To test this proposition, researchers at the University of Ottawa tested a group of 8 volunteers in mid May and early September. They measured core temperature, skin temperature, skin blood flow, sweat rate, heart rate, and a few other variables during a 90-minute bike session at 60% VO2max — and found no significant differences even after a long, hot summer. The key: their subjects reported spending an average of just 18 minutes a day doing “moderate” or “intense” physical activity outdoors over the summer.

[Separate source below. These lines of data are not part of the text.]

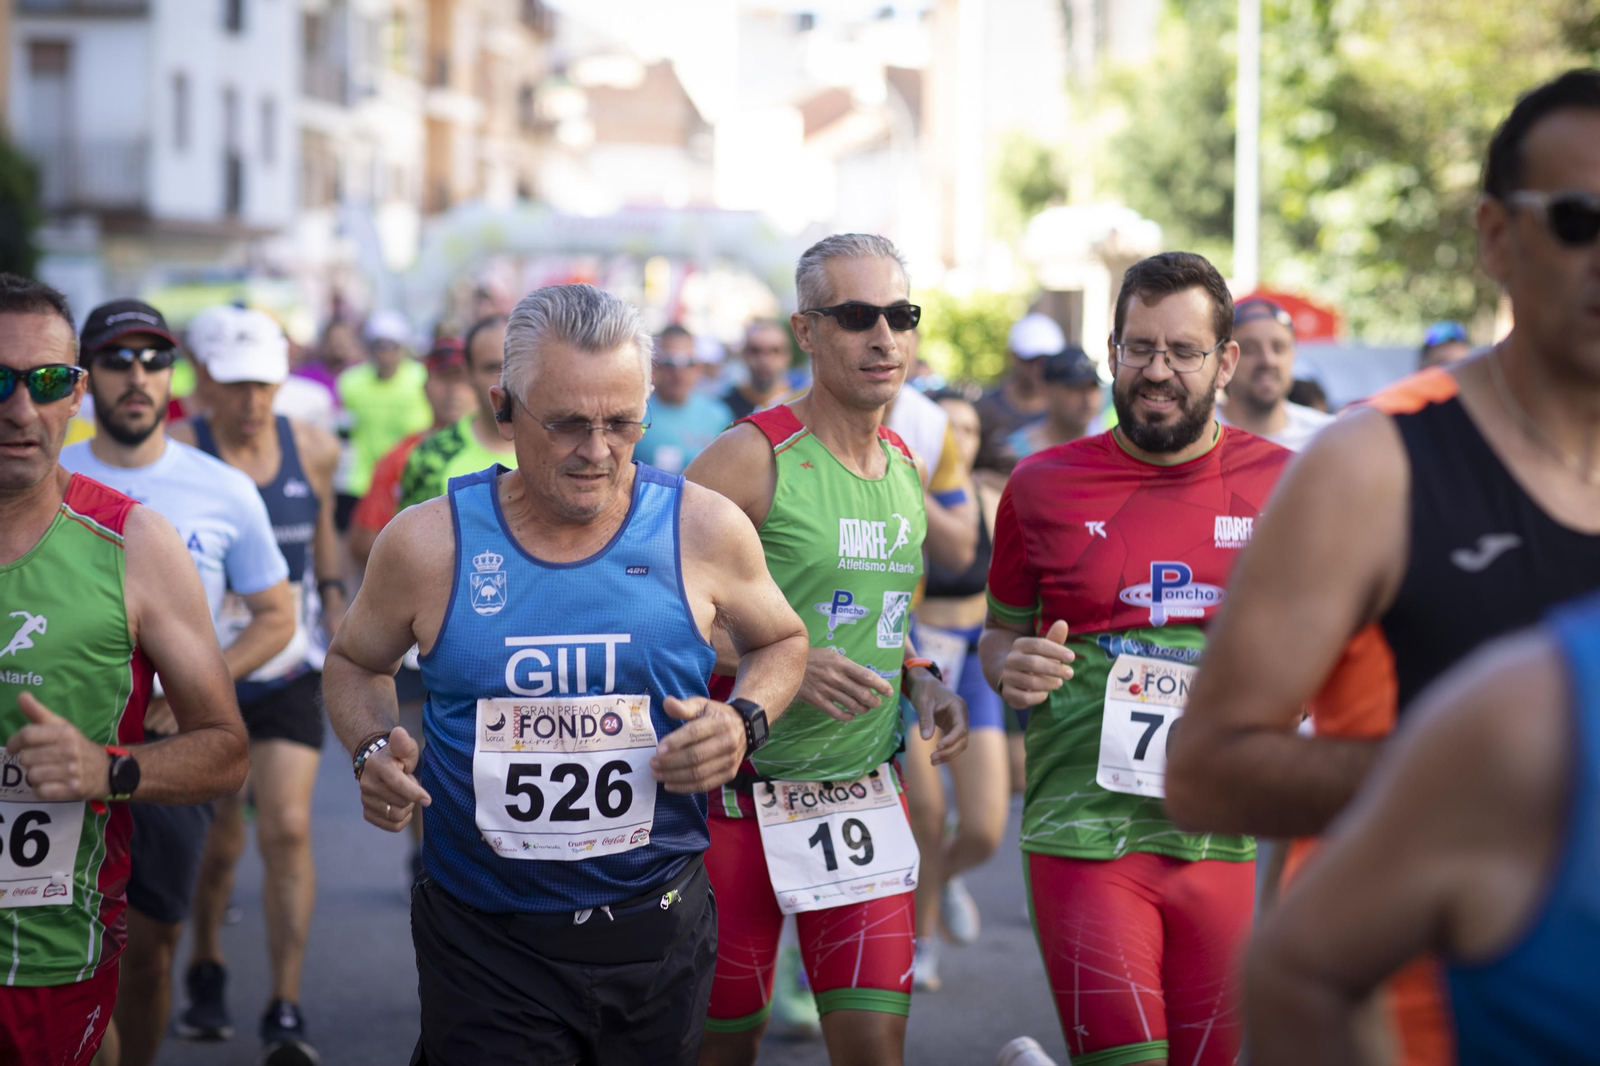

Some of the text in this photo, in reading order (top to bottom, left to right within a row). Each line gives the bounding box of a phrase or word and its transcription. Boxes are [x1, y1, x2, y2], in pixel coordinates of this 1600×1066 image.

[838, 518, 887, 559] ATARFE
[837, 557, 915, 574] Atletismo Atarfe
[1151, 562, 1214, 603] Poncho
[831, 590, 865, 615] Poncho
[1144, 673, 1190, 697] FON
[520, 705, 555, 716] GRAN
[558, 704, 601, 716] PREMIO
[519, 713, 623, 740] FONDO
[604, 719, 618, 730] 24
[1130, 711, 1185, 761] 7
[505, 760, 633, 822] 526
[0, 809, 51, 868] 6
[568, 838, 597, 848] Cruzcampo
[808, 818, 874, 872] 19
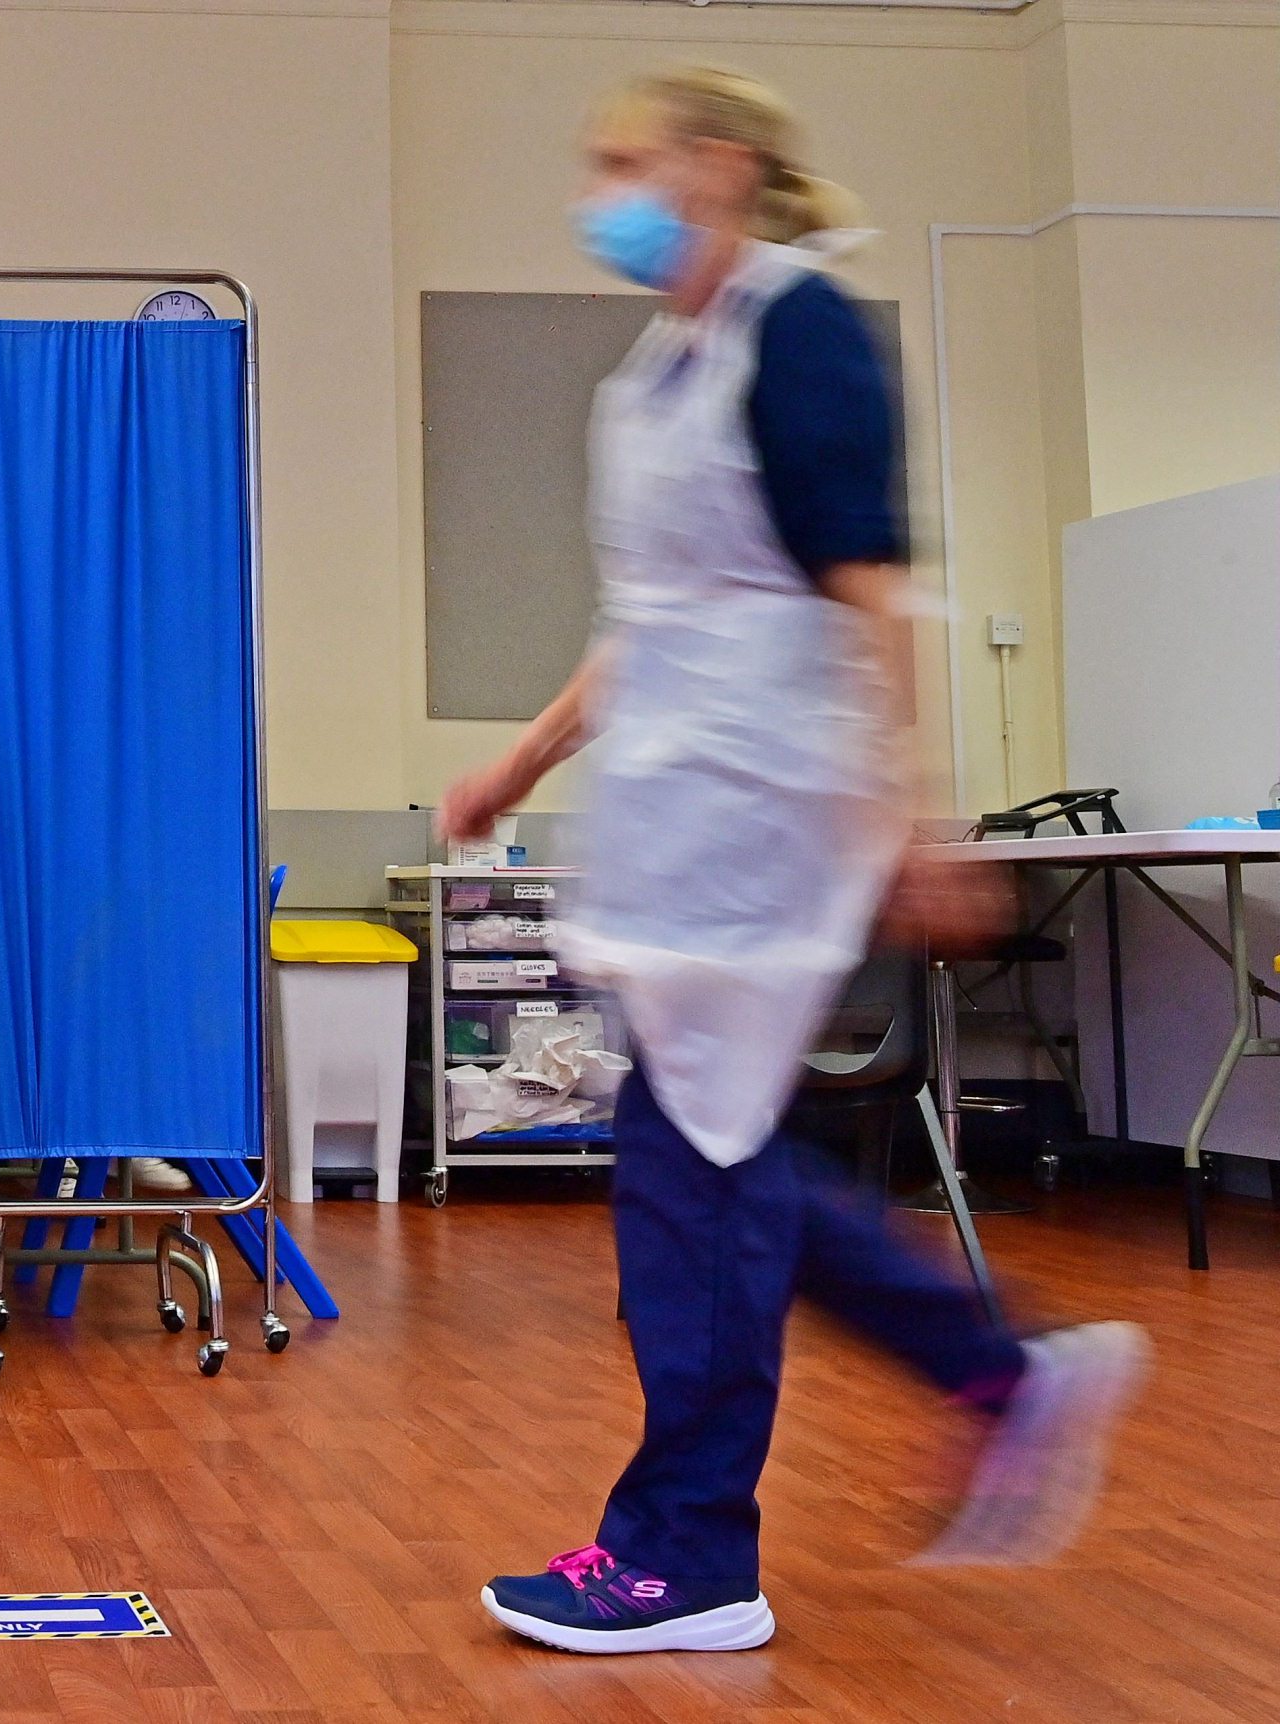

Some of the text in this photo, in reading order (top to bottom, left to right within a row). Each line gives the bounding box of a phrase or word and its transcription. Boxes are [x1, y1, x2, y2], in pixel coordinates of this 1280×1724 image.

[170, 295, 181, 306] 12
[156, 301, 163, 311] 11
[202, 311, 209, 320] 2

In comparison, chamber-based heat acclimation protocols known to elicit physiological adaptations require a minimum of 1 h of exercise at 50% of VO2max for ten successive days in order to elicit a physiological acclimatization.

There’s no doubt that heat acclimatization effects are real — enhanced sweat rate and greater blood flow to the skin, resulting in lower core temperatures. But you have to get out there and sweat to make it happen.

5 Replies to “Heat acclimatization: what does it take?”

  1. Interesting study. I know that if I hike the Grouse Grind on a particularly hot day my time drops quite a bit. In order to get heat acclimated for a triathlon in the Okanagan I was wondering how much I’d have to do to get ready. The biggest problem for me is that it rarely gets hot for ten straight days in Vancouver!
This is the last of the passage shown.